March 18th, 7 p.m.
THERE’S a buzz in the canteen at dinner. Almost everyone’s talking about the audition, and the few students who are not talking about the audition either laugh too loudly or look way too pale. Emilia’s doing her best to ignore our friend Nick. He runs his hand through his dark cropped hair, his strong arms flexing as he does so. I don’t have time for boys, and I know he’s got a crush on Emilia, but I can’t deny he’s hot. When he asks if she wants to go over the choreography with him again, Emilia can’t say no.
She turns to me. “You’re coming, too?”
“I want to call my parents tonight and you know my rules.”
“You want to visualize all the movements the evening before and do one last rehearsal in the morning.”
“Yep. You and Nick should go. I’ll see you in our room later.”

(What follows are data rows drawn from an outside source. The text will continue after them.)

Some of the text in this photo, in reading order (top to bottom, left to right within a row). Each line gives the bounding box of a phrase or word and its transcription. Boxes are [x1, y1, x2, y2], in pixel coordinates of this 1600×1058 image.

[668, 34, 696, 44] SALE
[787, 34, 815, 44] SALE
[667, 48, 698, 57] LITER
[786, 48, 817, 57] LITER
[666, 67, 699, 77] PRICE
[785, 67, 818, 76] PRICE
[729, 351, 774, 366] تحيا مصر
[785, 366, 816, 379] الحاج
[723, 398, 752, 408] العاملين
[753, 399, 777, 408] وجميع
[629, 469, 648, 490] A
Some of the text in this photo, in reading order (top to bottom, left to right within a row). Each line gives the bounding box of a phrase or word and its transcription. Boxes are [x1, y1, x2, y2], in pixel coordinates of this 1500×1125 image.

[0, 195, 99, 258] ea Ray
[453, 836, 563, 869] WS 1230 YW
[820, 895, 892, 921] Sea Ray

Nick smiles my way as if I just named him the best dancer in the world, but I shrug. Even though I want those two to figure a way to be happy together, I really cannot derail from my routine. I’m a tad OCD when it comes to the evening before a big audition: I always call my parents, listen to the music, visualize myself dancing all the movements perfectly, and put a picture of Mama at the height of her career under my pillow.
She doesn’t know that.
No one knows that.
I’m not sure if I think she’ll transfer her talent to me that way, but it reassures me.

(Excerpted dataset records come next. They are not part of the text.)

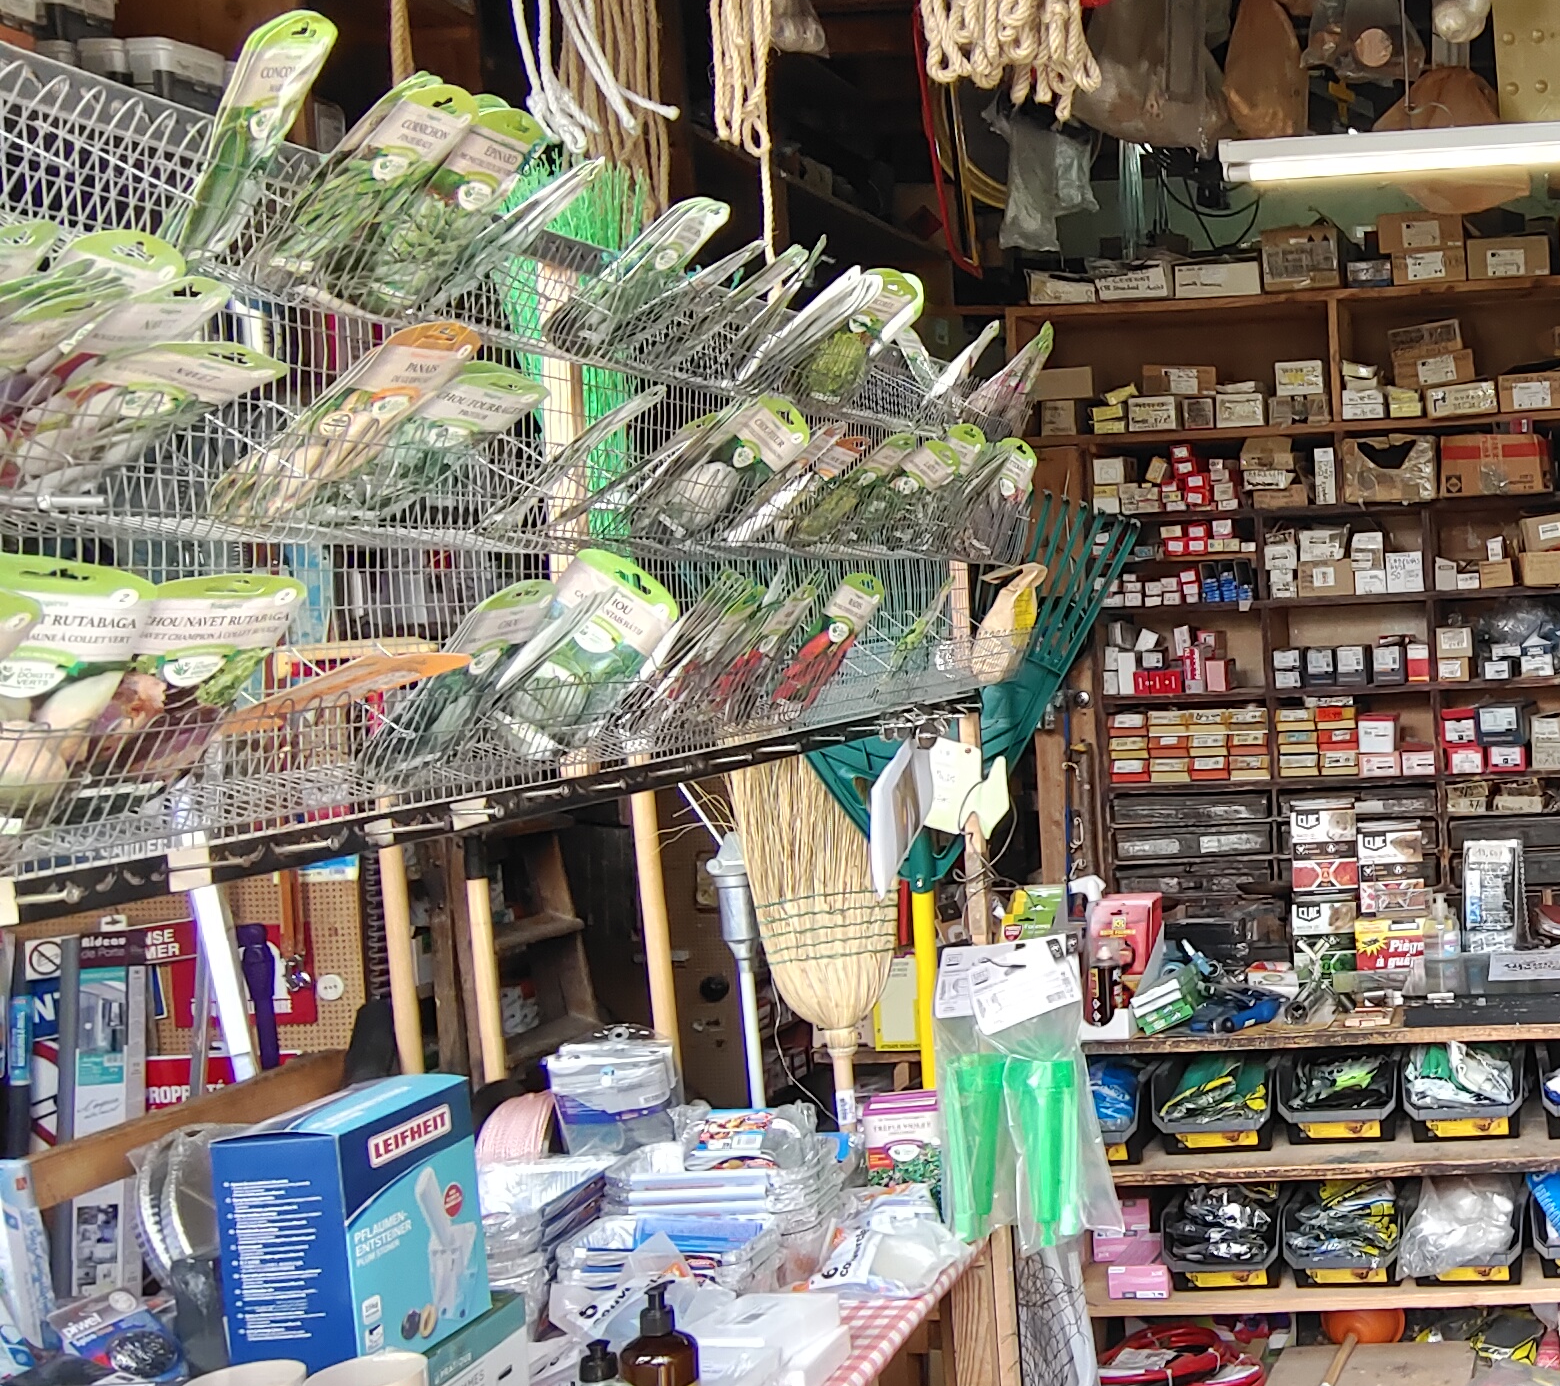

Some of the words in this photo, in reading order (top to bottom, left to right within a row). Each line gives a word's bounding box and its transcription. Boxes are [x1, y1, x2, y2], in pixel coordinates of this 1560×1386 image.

[53, 616, 137, 629] RUTABAGA
[188, 614, 226, 628] NAVET
[229, 611, 290, 627] RUTABAGA
[67, 634, 107, 645] COLLET
[105, 635, 132, 645] VERT
[16, 678, 49, 687] VERTS
[146, 929, 174, 946] SE
[1375, 955, 1385, 968] à
[372, 1110, 448, 1160] LEIFHEIT
[353, 1210, 408, 1244] PFLAUMEN-
[355, 1221, 412, 1257] ENTSTEINER
[821, 1266, 838, 1280] 6

I finish my cup of water, put up my tray in the right corner as always and head back to my room to start with my ritual.
“Hi, Papa,” I smile.
“Hi, Natoushka. You ready for tomorrow?” he asks, but there’s something in his voice. It’s not his usual happy one. He hasn’t sounded happy for a few weeks now.
“Yep, definitely ready.” I try to sound as cheerful as possible. “If I get it, I think it’s really going to start my career. And I feel like I am Aurora. I feel like I own the part.”
“That’s good, sweetie.”
“I think I feel the same as when you were onstage playing Chopin. You told me once how you got so lost in the music, you didn’t know where it began and where you ended. It’s like that for me.”
“It is a wonderful feeling. A scary one, too,” my father replies. “But you always need to find yourself again,” he adds after a short pause.
“I know, Papa. But when I dance . . .”
“When you dance, you feel whole and complete. But remember what I always say . . .”
“There’s more to me than dancing,” I say. He sounds a bit more normal now. He never fails to remind me that, to him, I’m more than a ballerina and that I should be more than that to me, too. Maybe one day.
“Are you sure you want to come this weekend? The weather isn’t supposed to be that great.”
“Of course, I’m sure. We’ve been planning it for months!”
“I don’t want you to get stranded in Maine while you’re supposed to be back at school on Monday. That’s all. I have to go. I love you, Natoushka. Think about what I said.” He pauses, and before I can reply, my mother’s voice comes through the phone.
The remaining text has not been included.